Activity: Print every record exactly, but leave out the pictures.

Given entries:

::::::::

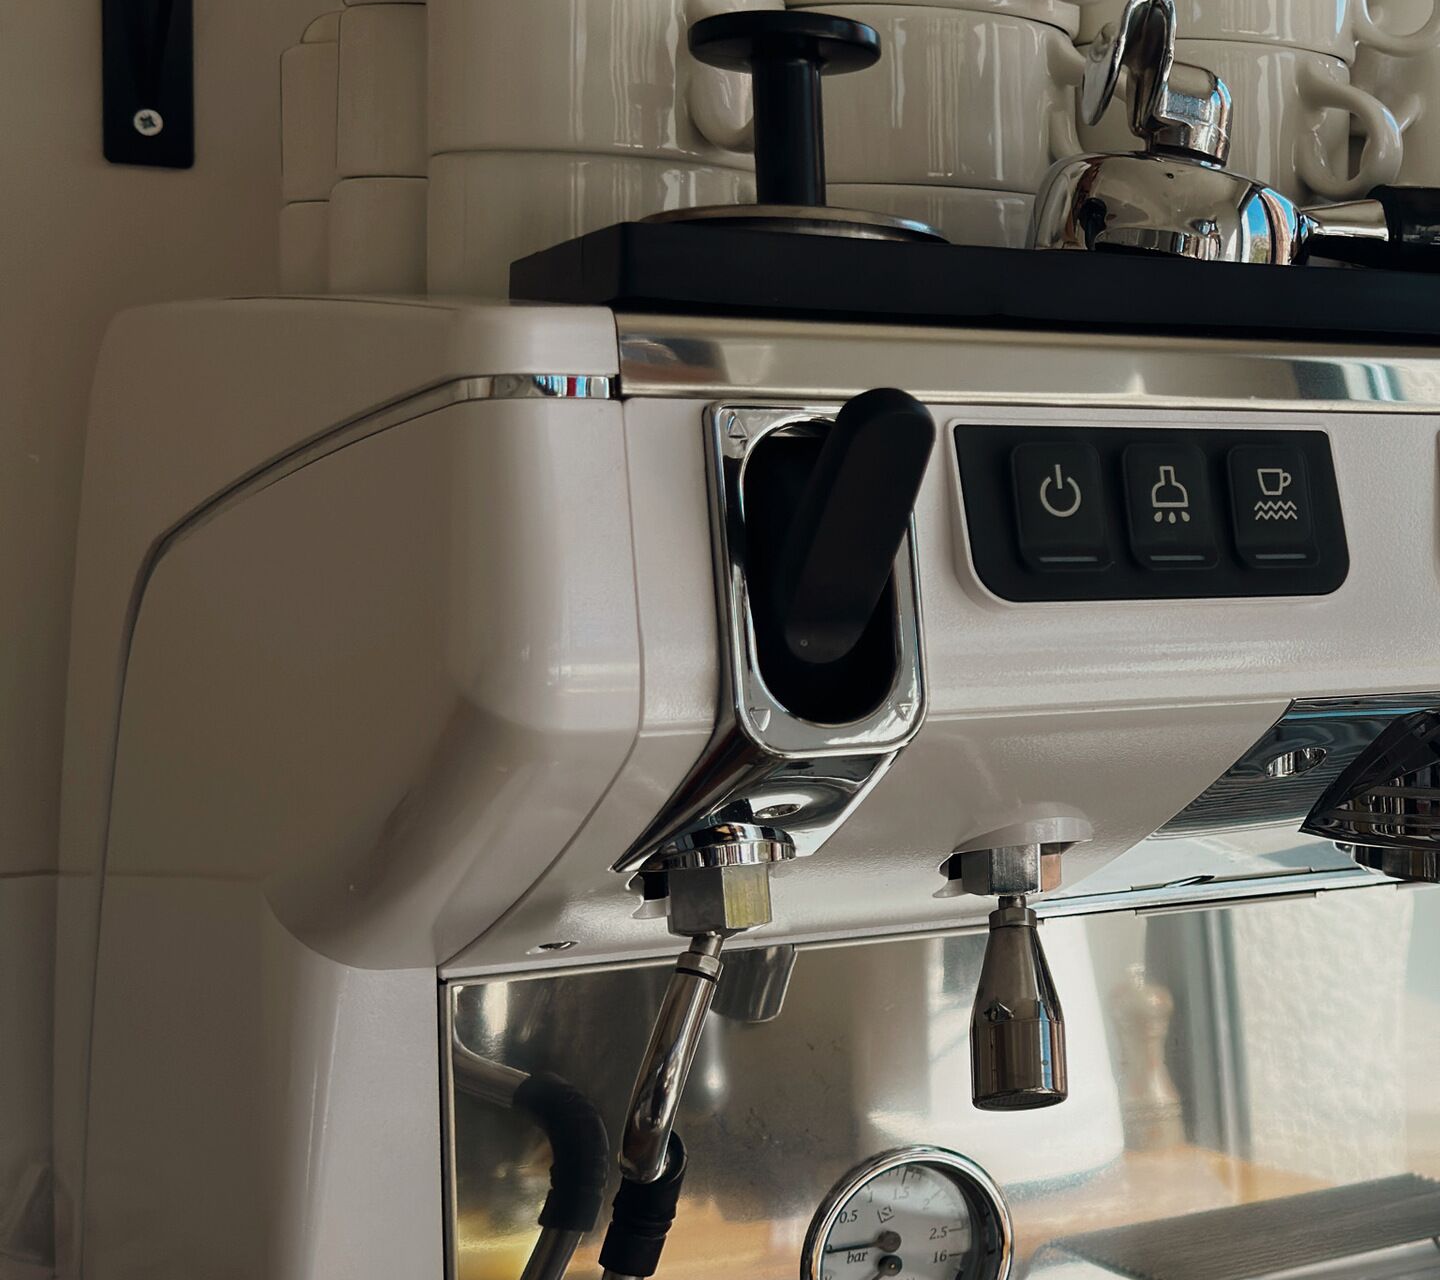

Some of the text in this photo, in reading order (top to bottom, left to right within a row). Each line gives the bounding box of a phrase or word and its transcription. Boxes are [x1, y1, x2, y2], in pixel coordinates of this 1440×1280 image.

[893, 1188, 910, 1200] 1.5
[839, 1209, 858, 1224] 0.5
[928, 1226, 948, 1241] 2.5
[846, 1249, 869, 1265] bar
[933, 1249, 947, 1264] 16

::::::::

Completed exercise:
Some of the text in this photo, in reading order (top to bottom, left to right within a row). Each line gives the bounding box of a phrase or word and its transcription. Boxes are [x1, y1, x2, y2], in pixel coordinates of this 1440×1280 image.

[893, 1188, 910, 1200] 1.5
[839, 1209, 858, 1224] 0.5
[928, 1226, 948, 1241] 2.5
[846, 1249, 869, 1265] bar
[933, 1249, 947, 1264] 16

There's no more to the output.